Whatever. This dish was fantastic. The monkfish was tender and just cooked to perfection (surprisingly meaty fish). The pancetta was actually bacon and I can't believe I'm actually going to say this...there was too much of it in ratio to the monkfish. I had to actually take some of it off to eat it in the right proportions. Horrible thing to say, I know, but it was true.

And the honey rosemary sauce. Beautiful. Acacian honey is a big thing in Croatia and I can see why. It's amazing! This sauce, though sweet, was pretty subtle. Sticky but still liquidy. And the rosemary was nice and piney but not overwhelming. All in all, a delicious sauce.

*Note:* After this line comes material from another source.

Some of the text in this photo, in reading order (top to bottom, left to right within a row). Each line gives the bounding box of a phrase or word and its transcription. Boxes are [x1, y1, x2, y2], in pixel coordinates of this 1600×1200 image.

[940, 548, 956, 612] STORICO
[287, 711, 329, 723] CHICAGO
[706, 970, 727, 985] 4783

And for side? I had some grilled veggies. Nothing special but delicious nonetheless. I had to salt them a little because they had no flavor on their own but that was alright. It was a nice medley of mushrooms, eggplant, zucchini, and these very light green bell peppers I've seen many times before but don't actually know the name of. I've done a quick google search and apparently they're just another kind of bell pepper as far as I can see. That's what they taste like anyhow.

After my amazing meal (alone, by the way), I wandered around and did more shoe shopping. A wonderful day in Split, doing exactly what I wanted to do. I missed my friends but sometimes you just need to see a place on your own, and I was really glad that of all the places we'd been, I'd been able to spend more time in Split alone. It's a gorgeous place.

And then it was time to leave. Back through Munich this time, back home. Nothing unusual happened.

What a wonderful place, this Croatia. Definitely ranks within the top 4 for most breathtaking. Up there with Greece and Thailand.

I would wholeheartedly recommend it to anyone who hasn't gone. It's one of those few places that hasn't really been touched by tourists. Granted we were there before July and August, which are the busier times, but I was glad of it. I figure now that it's joined the EU it's only a matter of time before more people discover its beauty and it gets crowded. Though I am happy for Croatia since this will allow the expansion and business that it needs, I am always slightly sad to see such a private beautiful place become commercialized. So if you can, check it out. You won't regret it.